RECORDS FOR THIS EXERCISE:
--- START ---
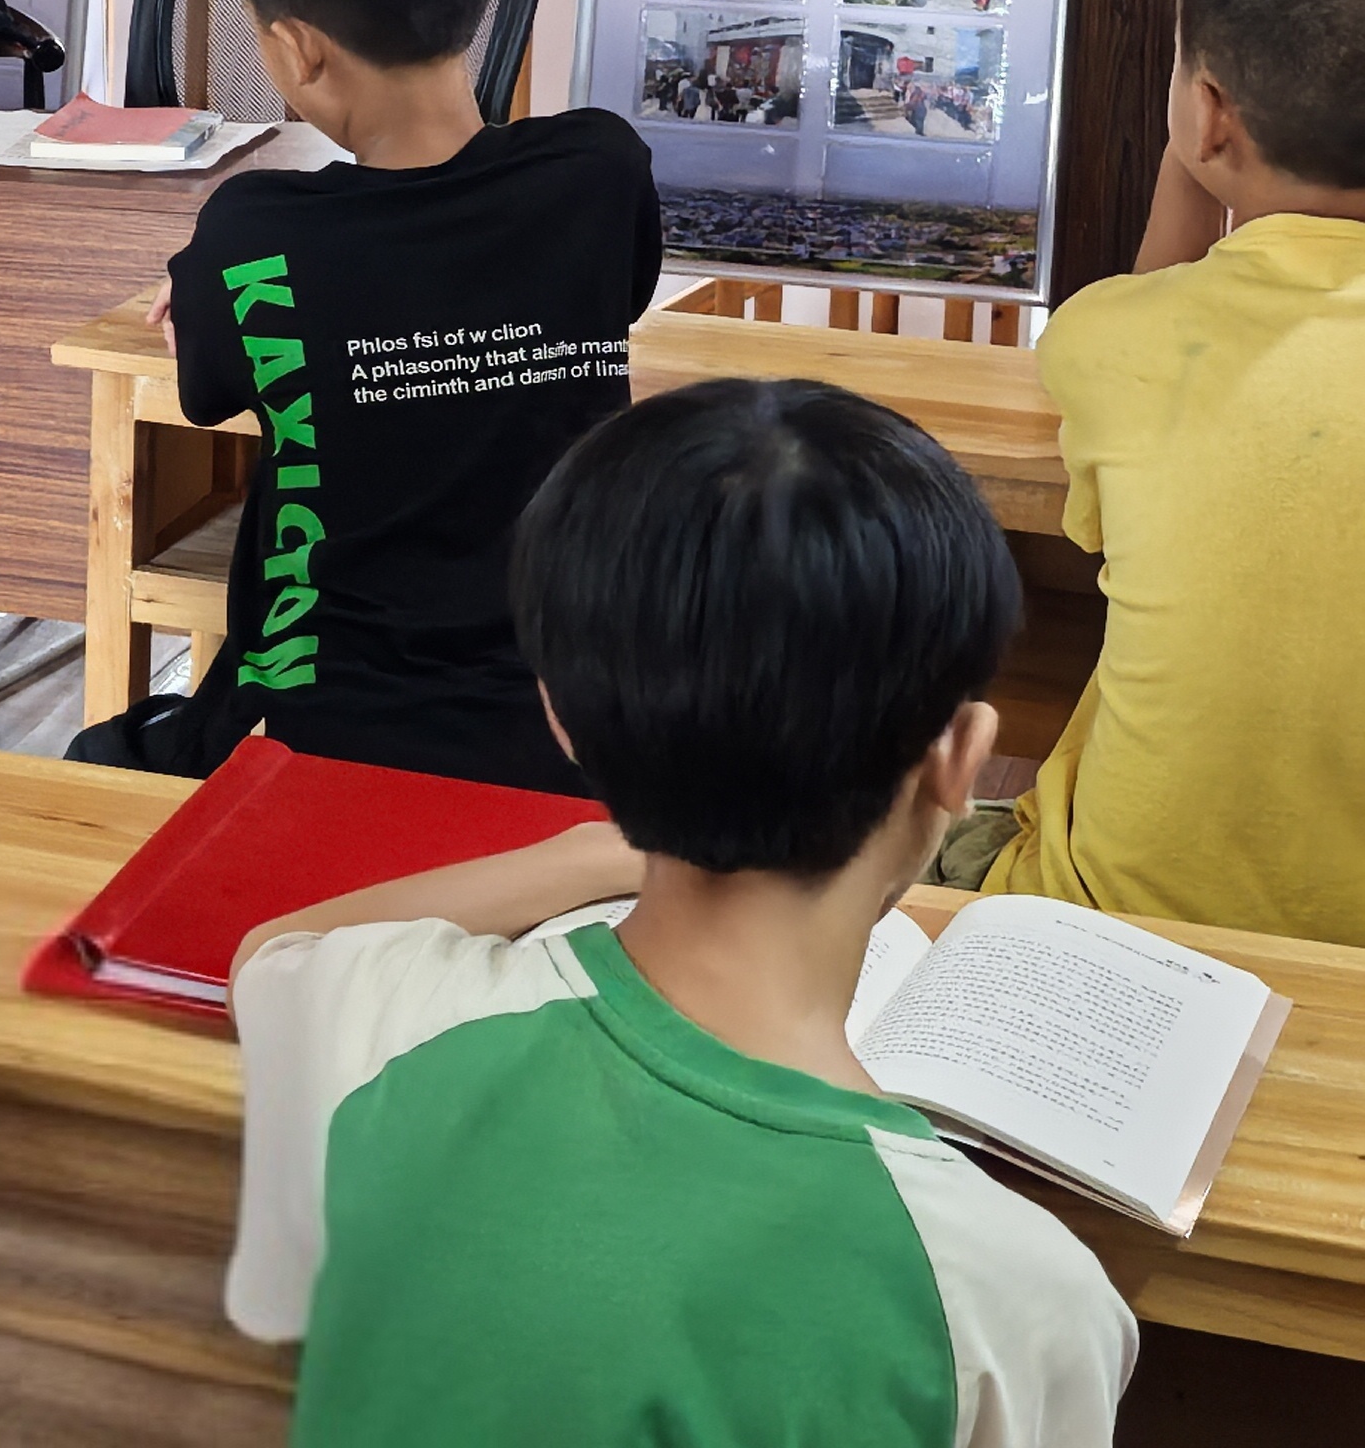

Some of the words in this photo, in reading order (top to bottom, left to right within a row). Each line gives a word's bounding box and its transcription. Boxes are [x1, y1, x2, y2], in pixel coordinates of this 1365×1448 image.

[347, 335, 408, 358] Phlos
[413, 331, 439, 350] fsi
[444, 328, 466, 346] of
[491, 321, 543, 342] clion
[351, 364, 368, 381] A
[485, 347, 527, 367] that
[353, 387, 388, 404] the
[474, 372, 515, 392] and
[571, 360, 592, 378] of
--- END ---
WHAT TO DO: Could you output the entire listing verbatim while omitting its pictures?

SOLUTION TO THE EXERCISE:
Some of the words in this photo, in reading order (top to bottom, left to right within a row). Each line gives a word's bounding box and its transcription. Boxes are [x1, y1, x2, y2], in pixel coordinates of this 1365×1448 image.

[347, 335, 408, 358] Phlos
[413, 331, 439, 350] fsi
[444, 328, 466, 346] of
[491, 321, 543, 342] clion
[351, 364, 368, 381] A
[485, 347, 527, 367] that
[353, 387, 388, 404] the
[474, 372, 515, 392] and
[571, 360, 592, 378] of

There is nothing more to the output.